{NEW} Curry Roasted Carrots 🥕🥕🥕
How to turn a basic orange carrot into a flavorful, crispy, delectable TREAT!💥
Roasted vegetables are LIFE!😍
So once again I MUST warn you to double up the batch because these disappear FAST!💣
Depending on the curry powder you choose, these can be very mild, spicy…or somewhere in between.💁♀️
Our curry roasted carrots are great for meal prep, quick weeknight dinners, or even Sunday night when company is over. Sure to impress and delight!
➡️ Rachel’s Tips:
Try experimenting with adding a bit more curry powder to YOUR personal taste preferences, as curry powder varies in flavor and intensity.
For a different spin on this, try chopping up yams, sweet potatoes, or butternut squash, using this recipe instead of the carrots.
All DELIGHTFUL combinations, and really very delicious roasted with the curry powder and seasonings.
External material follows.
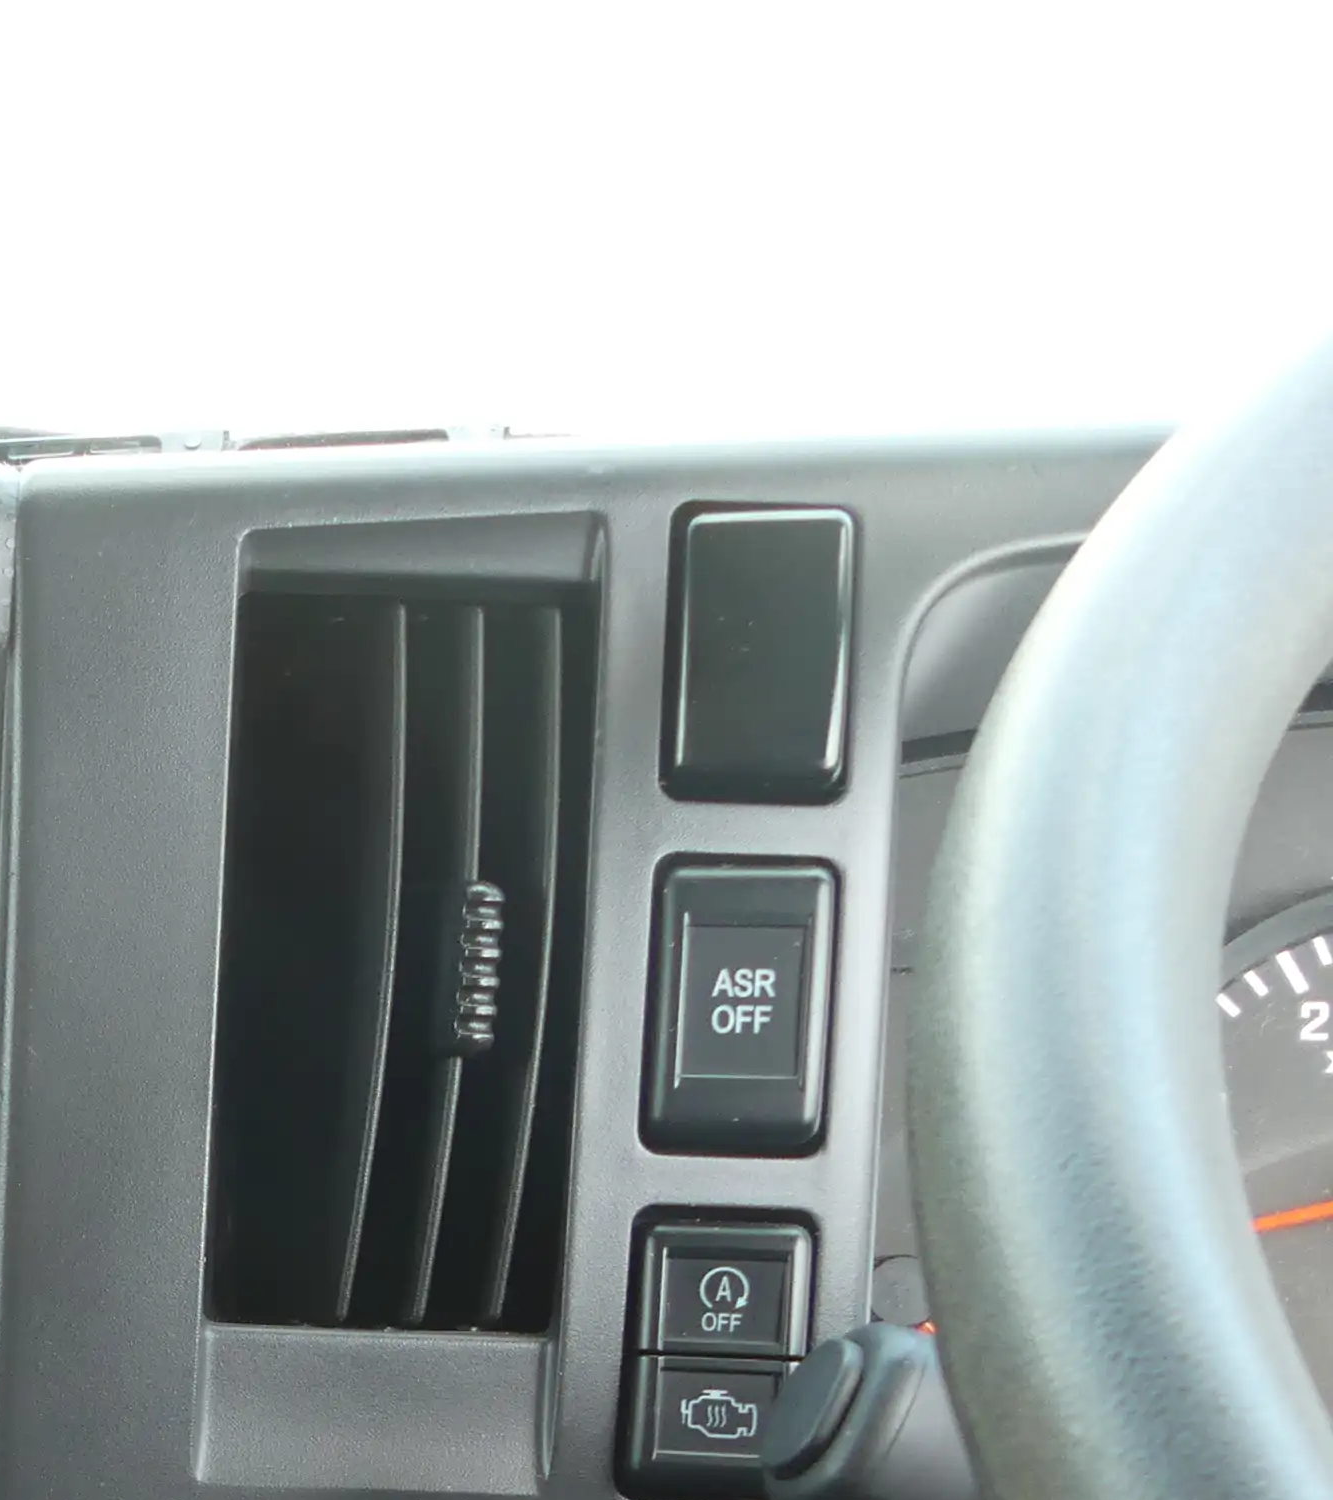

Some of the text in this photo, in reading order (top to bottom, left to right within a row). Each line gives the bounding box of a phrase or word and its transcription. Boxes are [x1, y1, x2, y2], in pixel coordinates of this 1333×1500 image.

[711, 968, 776, 999] ASR
[711, 1004, 773, 1034] OFF
[701, 1312, 742, 1332] OFF
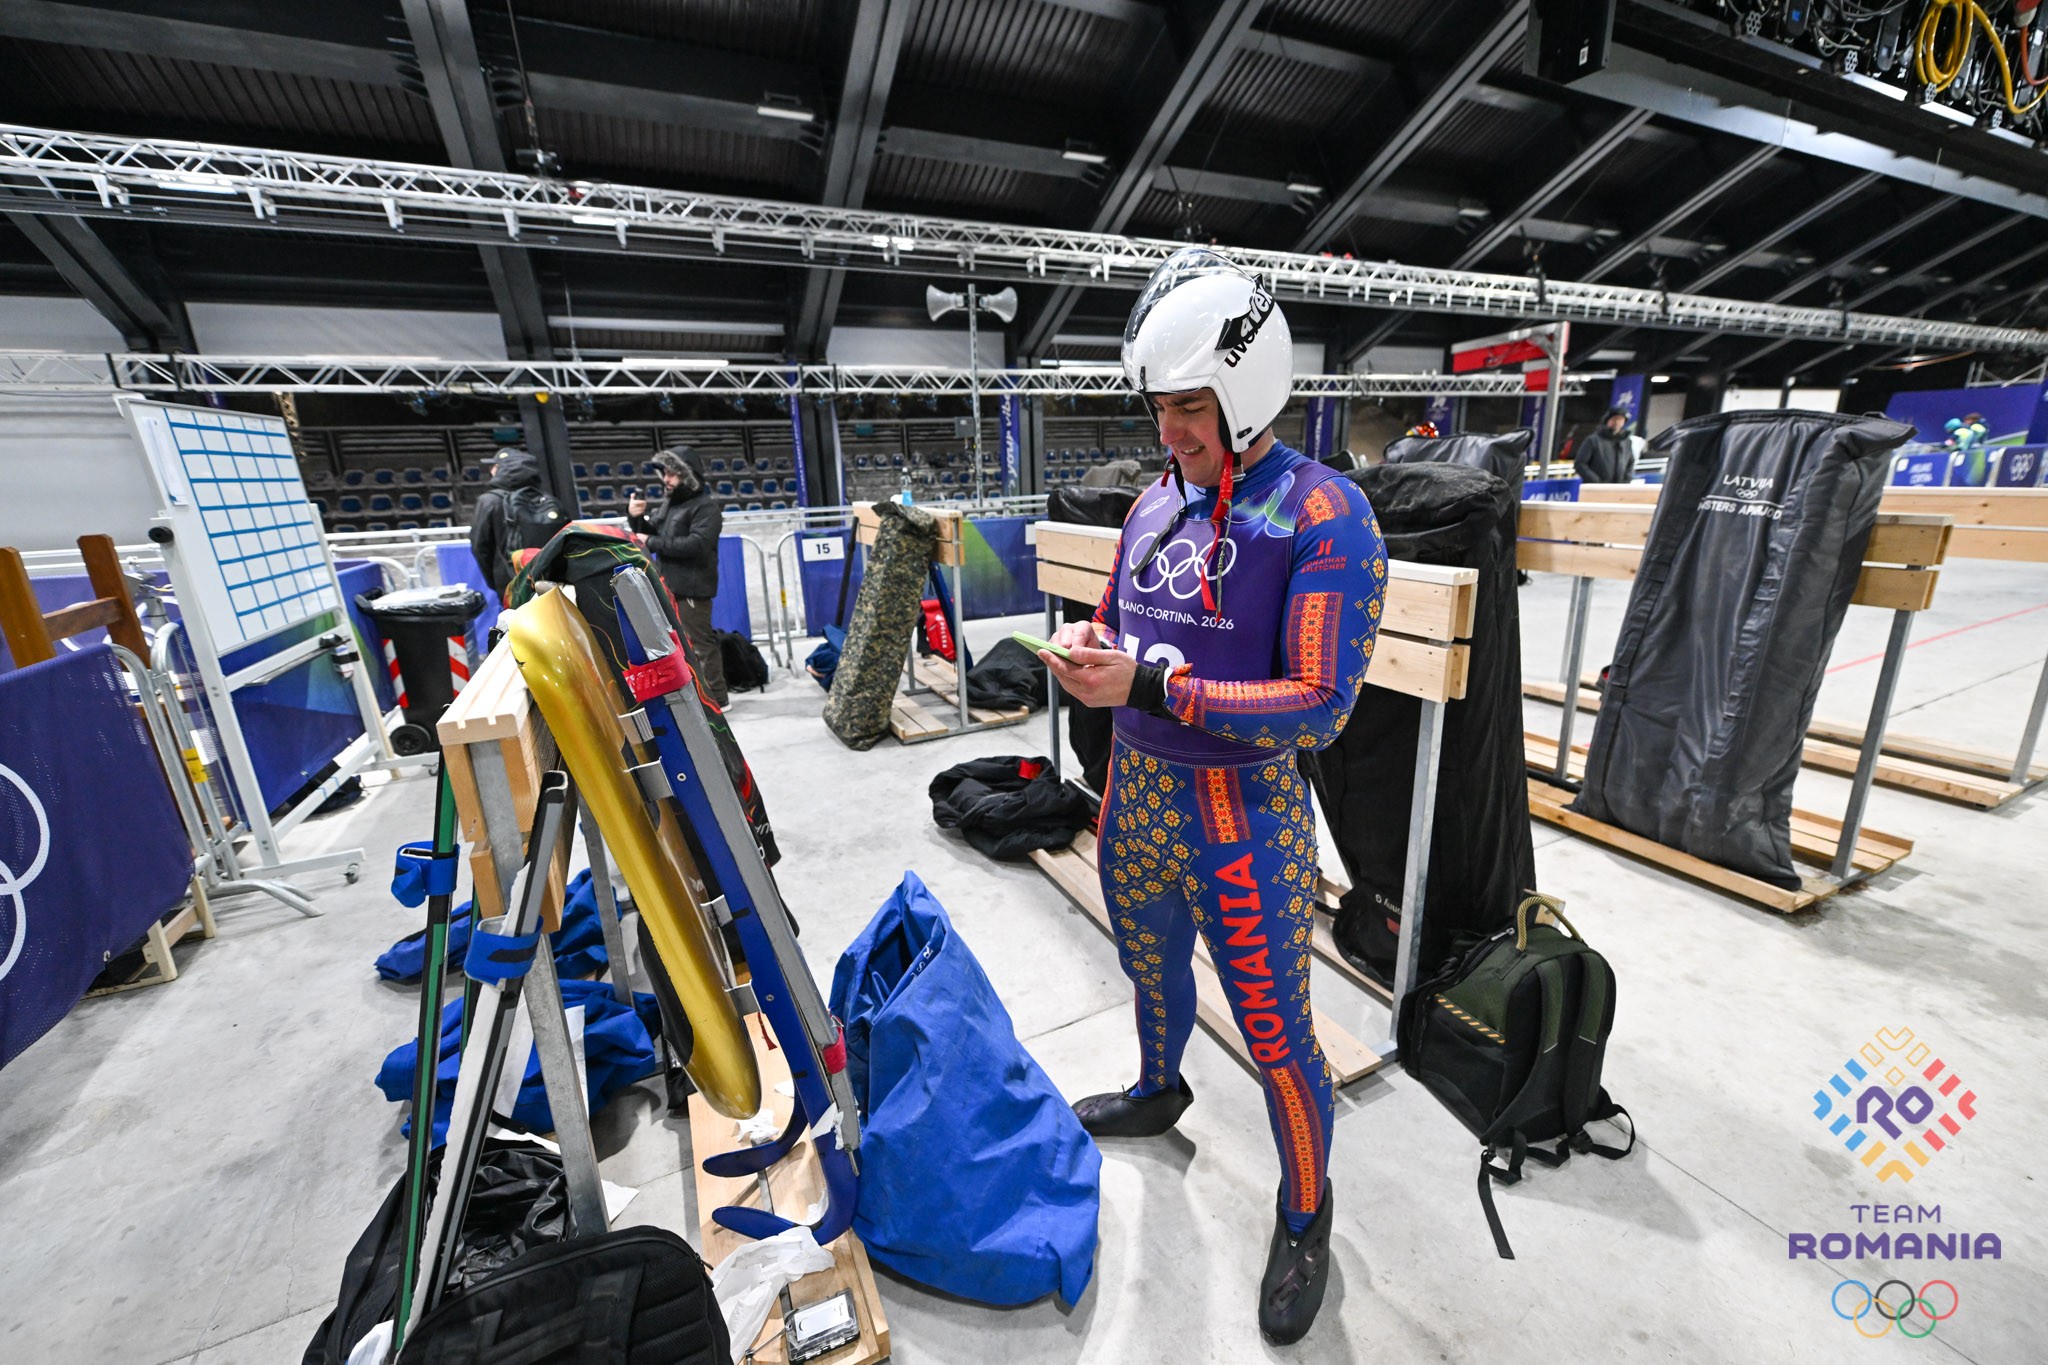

For crisper carrots, be sure not to overcrowd the baking sheet. They need space to crisp up, so use 2 separate baking sheets if necessary.
makes about 4 servings
Ingredients:
- 1 lb. garden carrots
- 1/2 tsp garlic powder
- 1/2 tsp onion powder
- 1/2 Tbsp curry powder (hot or mild)
- 1 Tbsp avocado oil
- 1/8 tsp freshly ground black pepper
- 1/4 tsp sea salt, or to taste
Preheat your oven to 375 degrees f. and line a baking sheet with parchment paper. Peel and trim the ends of carrots, wash thoroughly to remove any dirt. If carrots are thick, cut them in half lengthwise; if not, leave whole.Slice your carrots diagonally in1/4-inch-thick slices, then place carrots into a large bowl. Sprinkle sliced carrots with all seasonings and drizzle avocado oil on top.Toss really well until evenly coated, then arrange the carrots in a single layer, onto your prepared baking sheet.Bake for about 30 minutes, until golden crisp, stirring carrots halfway through to ensure even roasting.
Once finished roasting, carefully remove from the oven and transfer to a serving dish. Squeeze with fresh lime juice if desired and enjoy! Leftover carrots can be stored, sealed in refrigerator for up to 3-4 days, which makes them great for meal prep.
Prior to eating reheat on the stovetop, or in the oven for 5 minutes.
❤Rachel
Curry Roasted Carrots
Ingredients
- 1 lb. garden carrots
- 1/2 tsp garlic powder
- 1/2 tsp onion powder
- 1/2 Tbsp curry powder (hot or mild)
- 1 Tbsp avocado oil
- 1/8 tsp freshly ground black pepper
- 1/4 tsp sea salt, or to taste
- lime wedges for serving, optional
Instructions
- Preheat your oven to 375 degrees f. and line a baking sheet with parchment paper.
- Peel and trim the ends of carrots, wash thoroughly to remove any dirt.
- If carrots are thick, cut them in half lengthwise; if not, leave whole.
- Slice your carrots diagonally in1/4-inch-thick slices, then place carrots into a large bowl.
- Sprinkle sliced carrots with all seasonings and drizzle avocado oil on top.
- Toss really well until evenly coated, then arrange the carrots in a single layer, onto your prepared baking sheet.
- Bake for about 30 minutes, until golden crisp, stirring carrots halfway through to ensure even roasting.
- Once finished roasting, carefully remove from the oven and transfer to a serving dish.
- Squeeze with fresh lime juice if desired and enjoy!
- Leftover carrots can be stored, sealed in refrigerator for up to 3-4 days, which makes them great for meal prep.
- Prior to eating reheat on the stovetop, or in the oven for 5 minutes.